• _Provided data_:
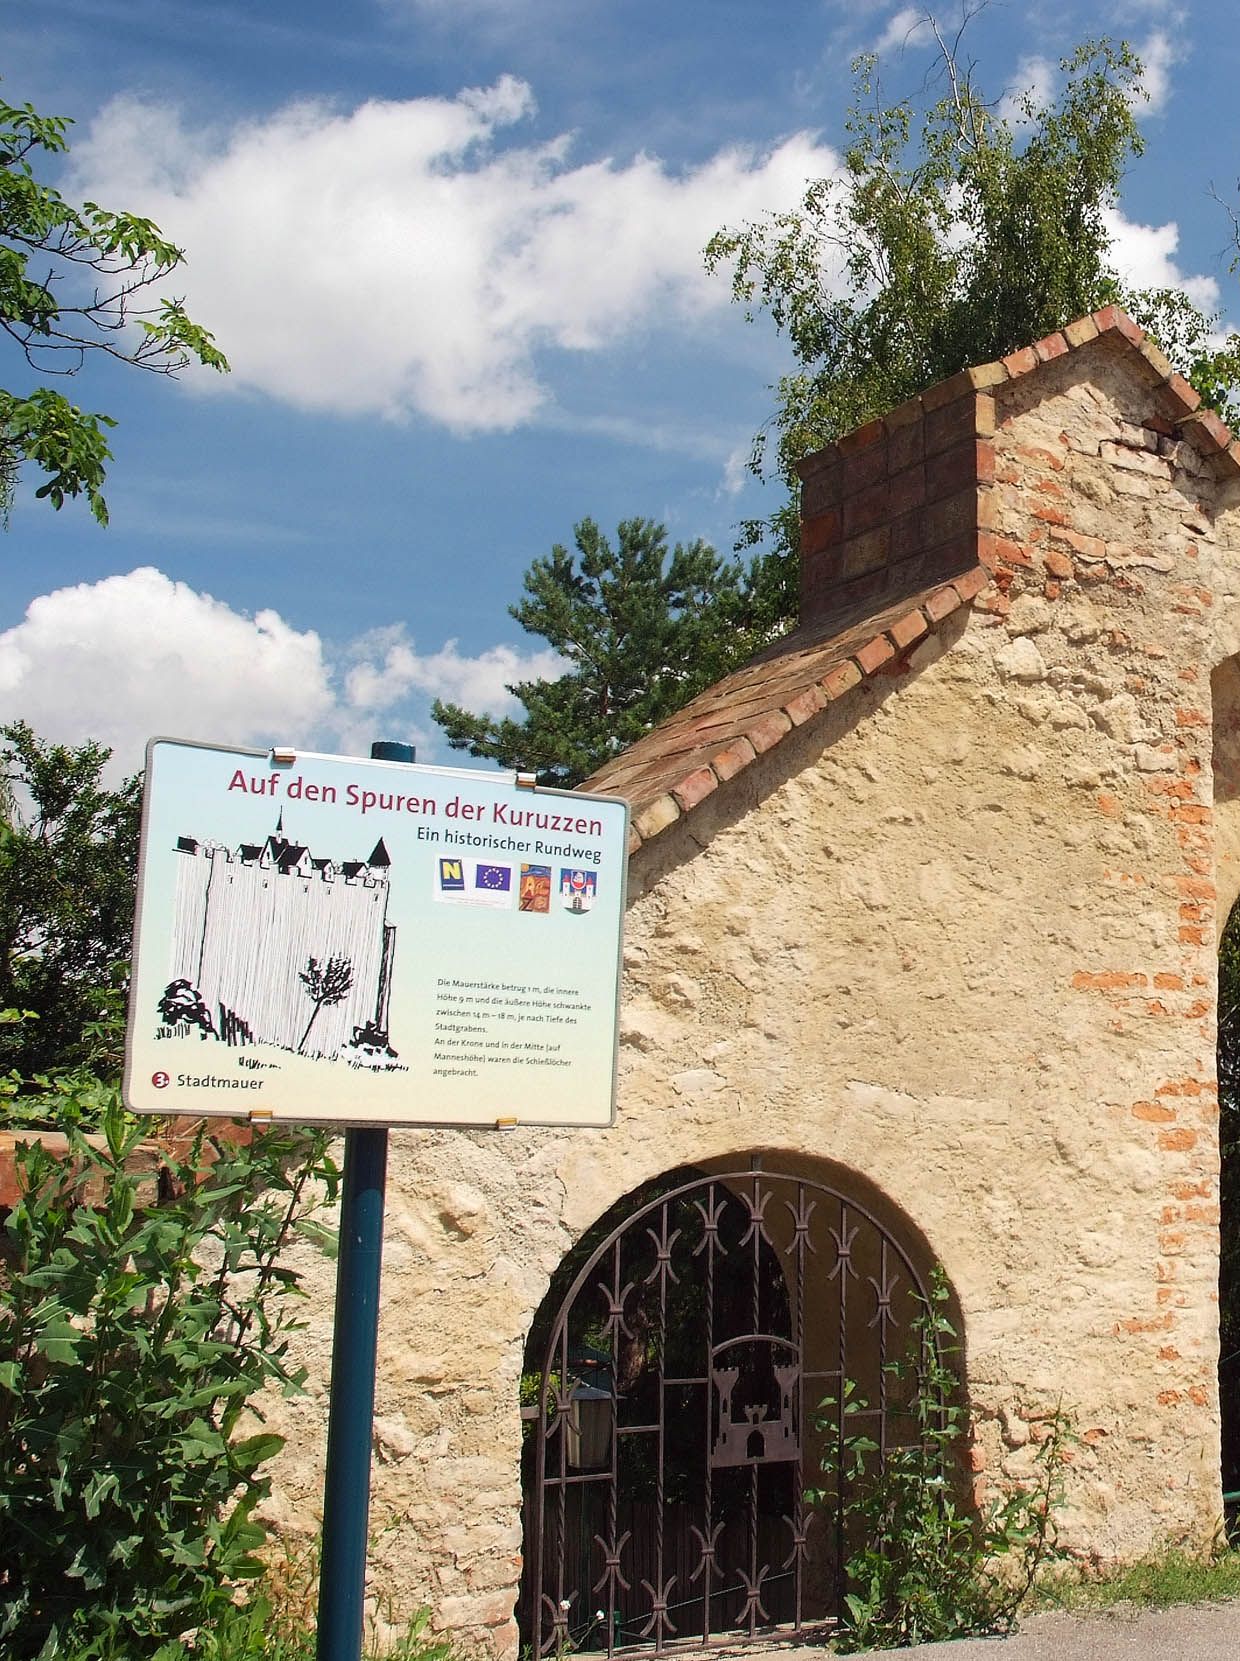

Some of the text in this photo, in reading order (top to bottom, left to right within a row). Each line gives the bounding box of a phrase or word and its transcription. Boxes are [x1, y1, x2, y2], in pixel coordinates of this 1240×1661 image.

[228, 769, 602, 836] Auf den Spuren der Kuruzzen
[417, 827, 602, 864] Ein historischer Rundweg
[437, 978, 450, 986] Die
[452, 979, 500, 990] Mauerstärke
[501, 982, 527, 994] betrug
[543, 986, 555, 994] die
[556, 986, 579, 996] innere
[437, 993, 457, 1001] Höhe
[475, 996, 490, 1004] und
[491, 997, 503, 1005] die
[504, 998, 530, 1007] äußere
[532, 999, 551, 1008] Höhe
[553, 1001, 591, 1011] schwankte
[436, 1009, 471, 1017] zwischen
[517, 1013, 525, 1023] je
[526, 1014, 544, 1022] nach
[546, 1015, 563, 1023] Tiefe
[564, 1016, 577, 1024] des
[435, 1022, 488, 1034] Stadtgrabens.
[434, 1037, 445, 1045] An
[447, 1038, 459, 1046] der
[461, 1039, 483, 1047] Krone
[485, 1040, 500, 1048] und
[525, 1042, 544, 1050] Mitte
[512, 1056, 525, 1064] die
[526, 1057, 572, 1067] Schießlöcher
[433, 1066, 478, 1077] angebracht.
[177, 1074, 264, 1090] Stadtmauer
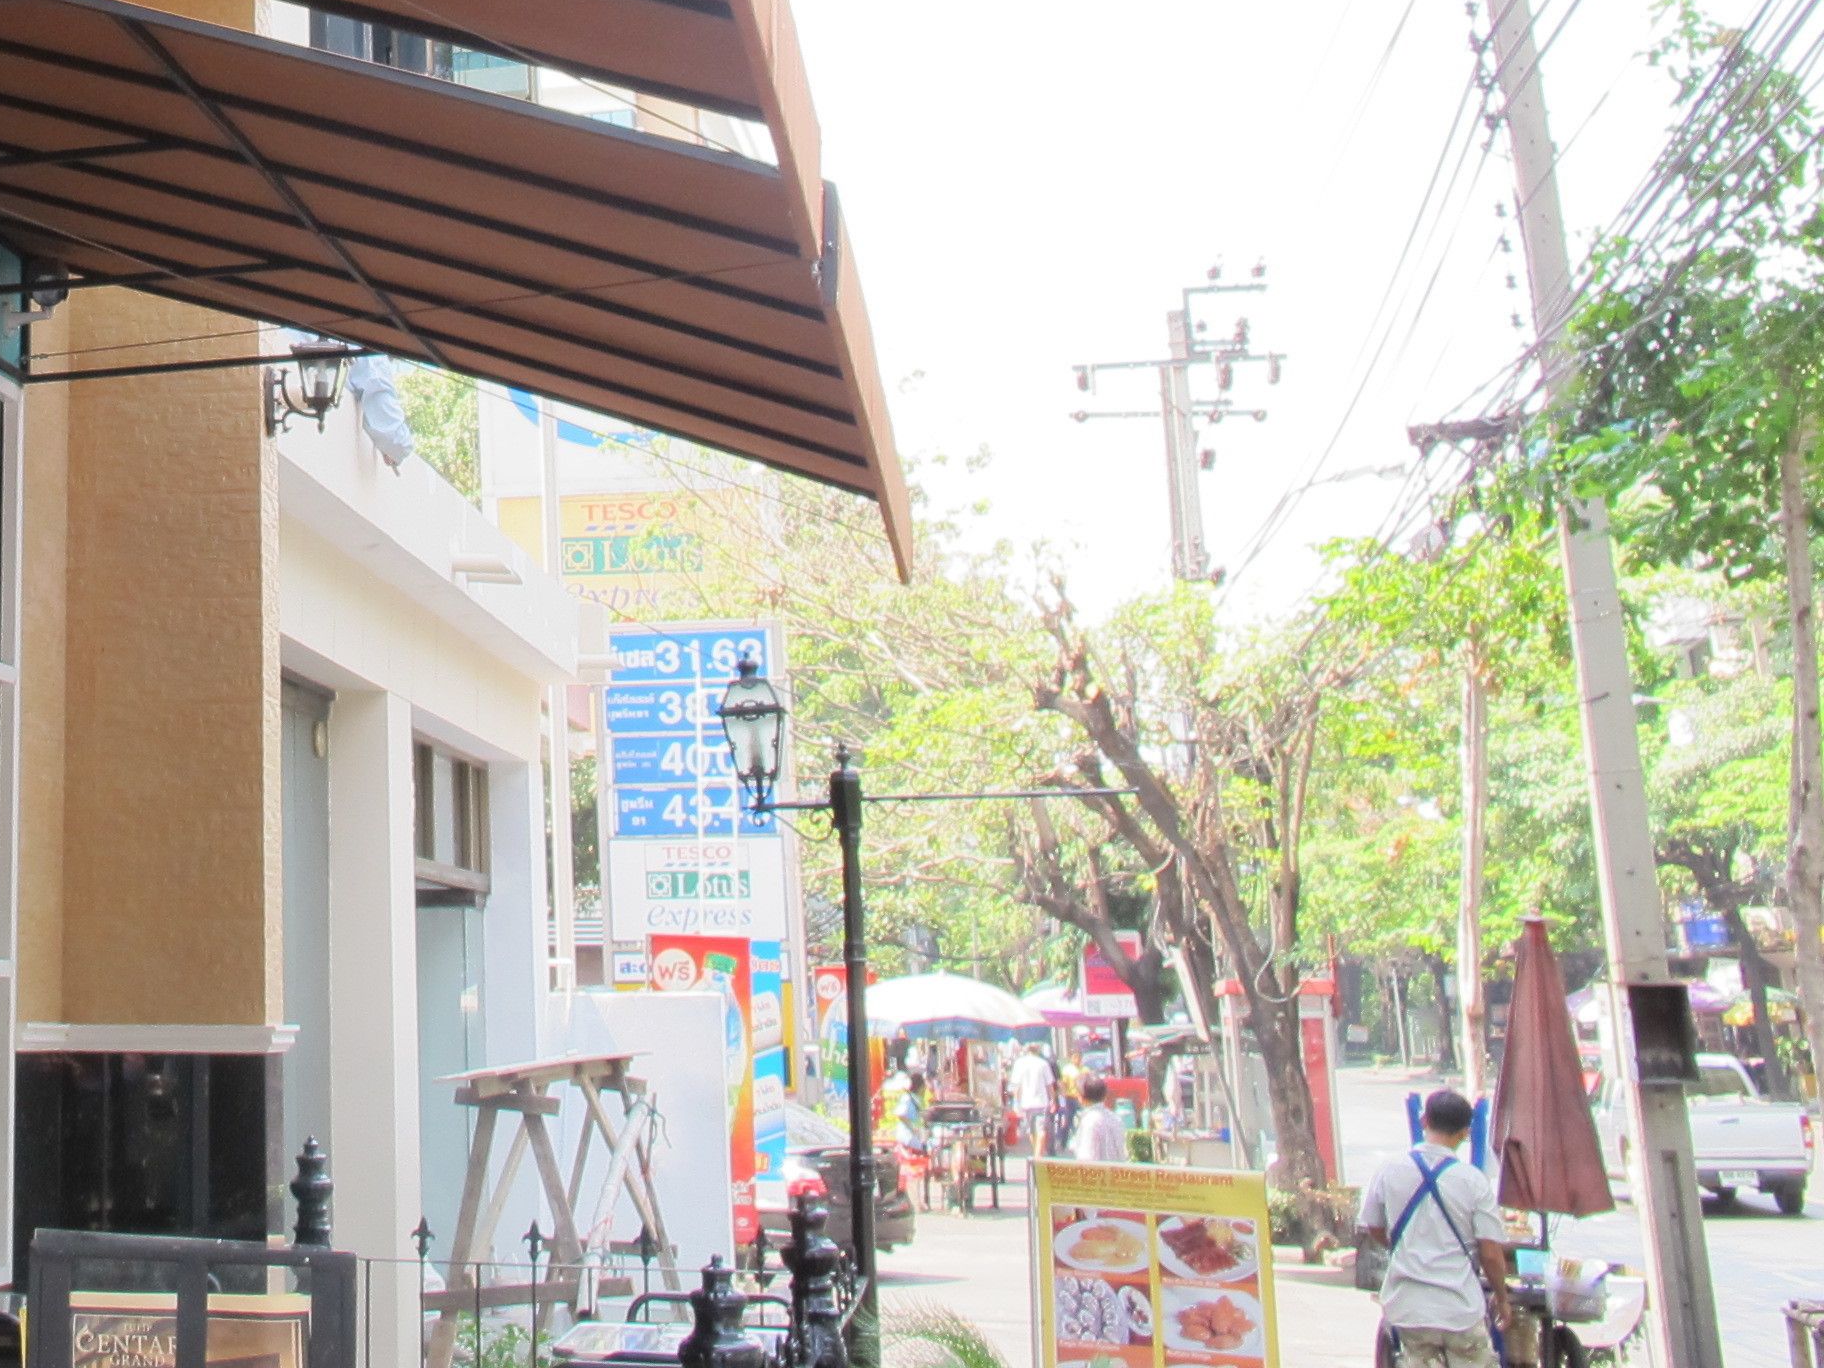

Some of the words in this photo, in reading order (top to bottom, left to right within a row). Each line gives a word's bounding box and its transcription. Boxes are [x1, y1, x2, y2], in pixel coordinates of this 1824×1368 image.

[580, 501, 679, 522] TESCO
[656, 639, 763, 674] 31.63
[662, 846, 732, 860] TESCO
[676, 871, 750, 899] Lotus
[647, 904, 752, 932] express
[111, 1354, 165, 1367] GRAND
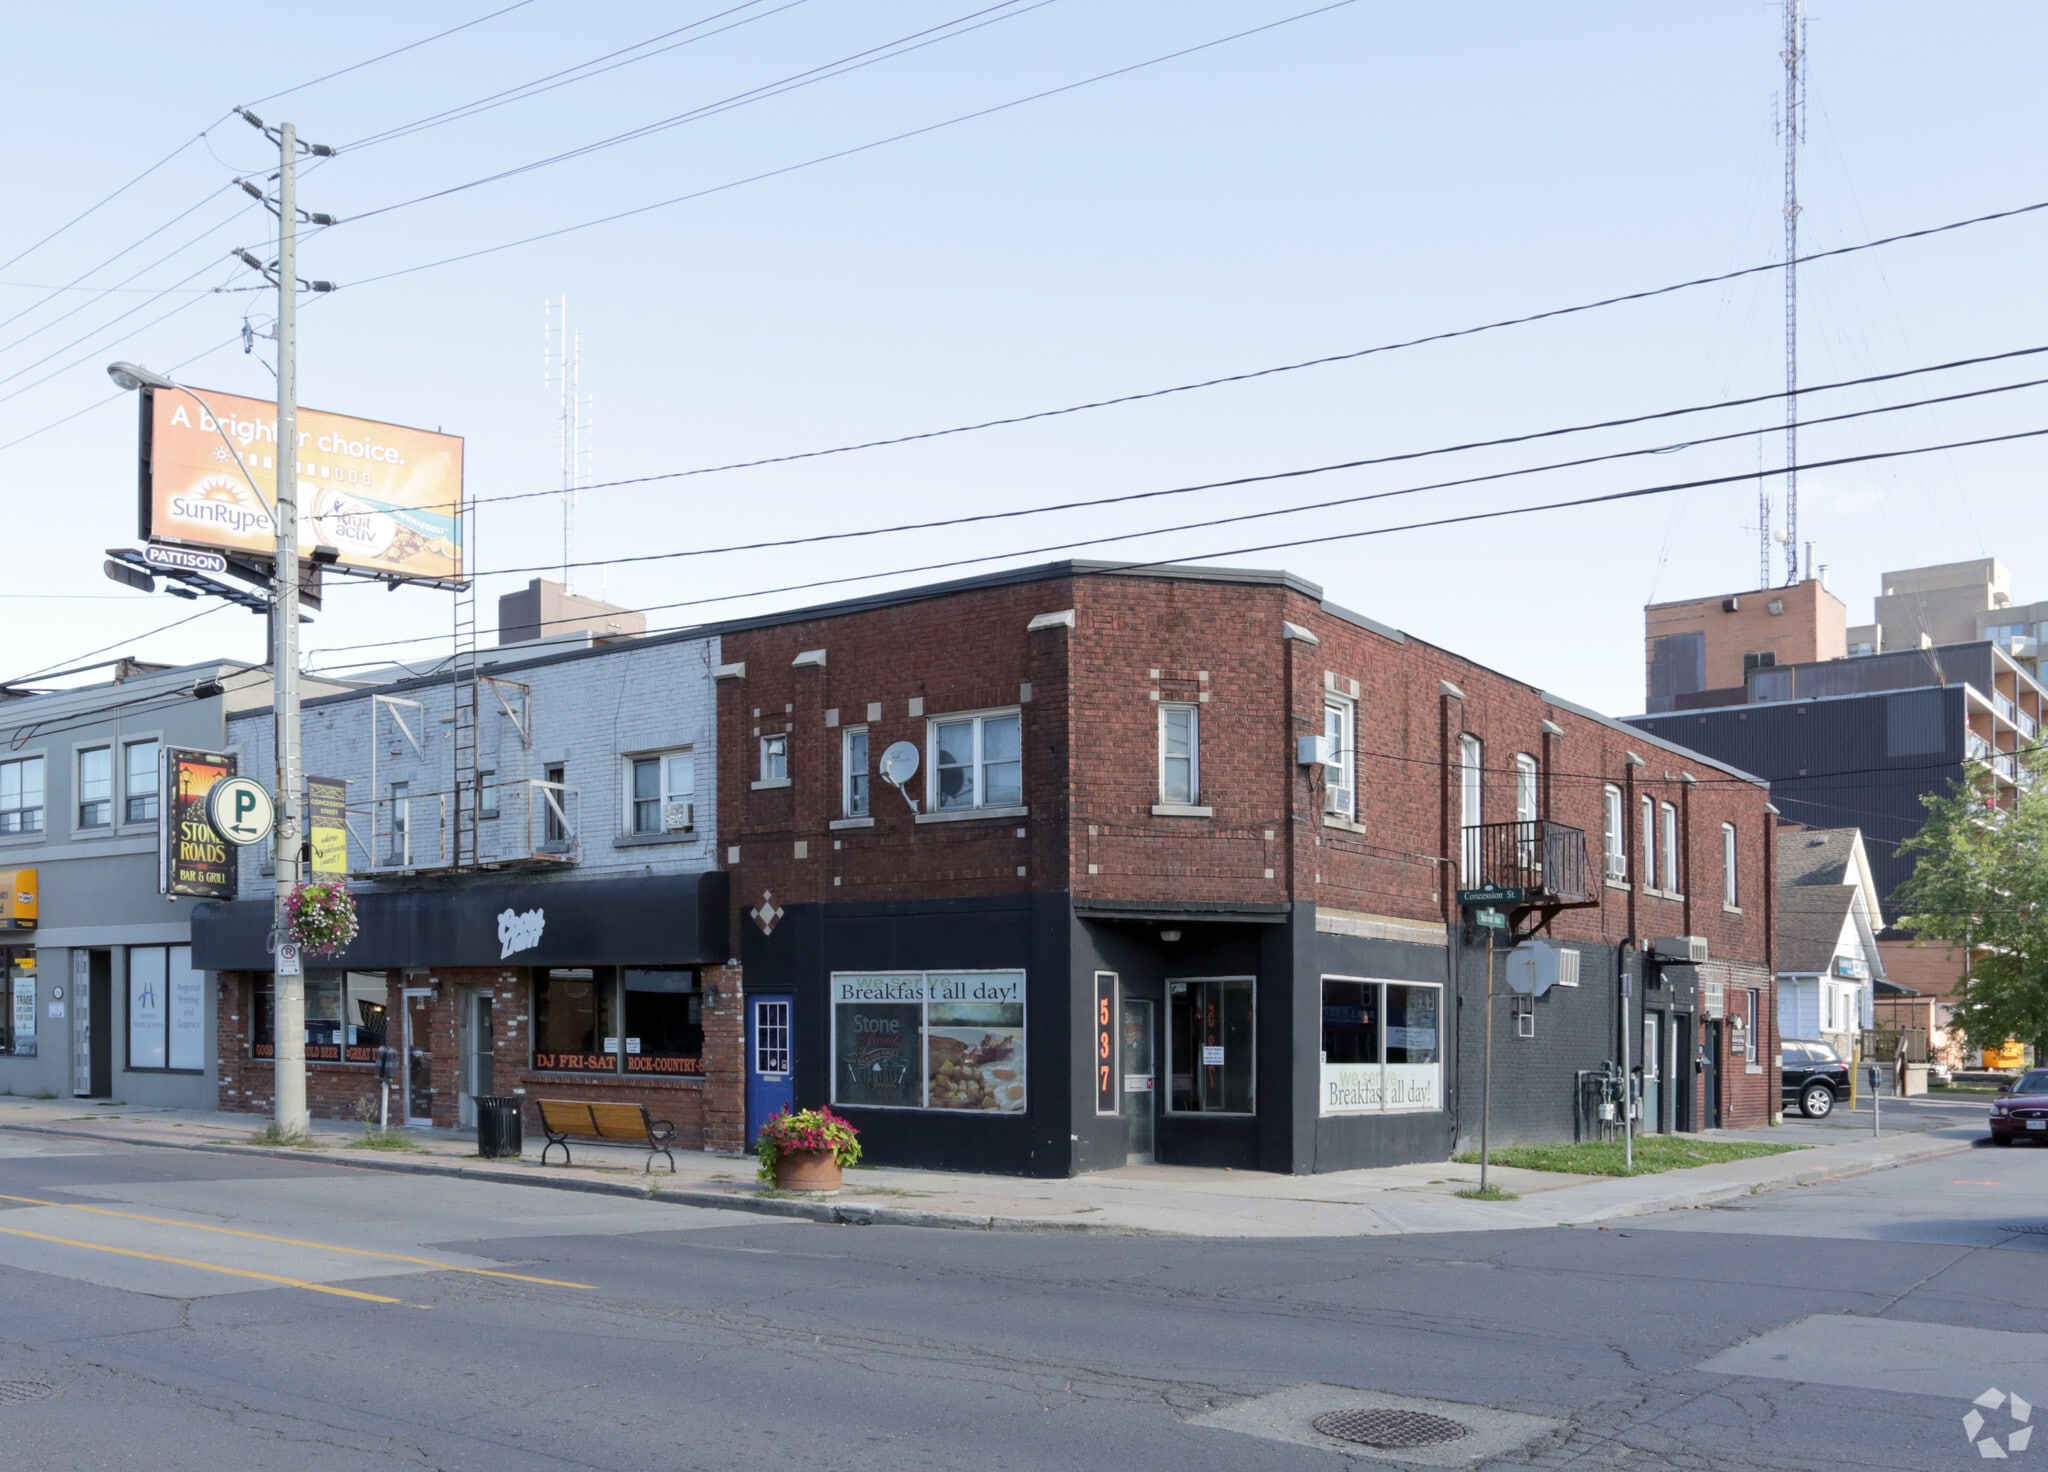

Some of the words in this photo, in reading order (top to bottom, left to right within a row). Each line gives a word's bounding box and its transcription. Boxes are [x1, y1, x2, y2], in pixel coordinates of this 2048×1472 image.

• _Description of the task_:
Retype only the lines above from the one with "this 1824×1368 image." through the last, both ends included, keeping every picture out of the copy.

• _Output below_:
Some of the words in this photo, in reading order (top to bottom, left to right within a row). Each line gives a word's bounding box and its transcription. Boxes are [x1, y1, x2, y2], in pixel coordinates of this 1824×1368 image.

[580, 501, 679, 522] TESCO
[656, 639, 763, 674] 31.63
[662, 846, 732, 860] TESCO
[676, 871, 750, 899] Lotus
[647, 904, 752, 932] express
[111, 1354, 165, 1367] GRAND

Some of the words in this photo, in reading order (top to bottom, left to right within a row). Each line gives a word's bounding box and its transcription. Boxes are [x1, y1, x2, y2], in pixel coordinates of this 2048×1472 image.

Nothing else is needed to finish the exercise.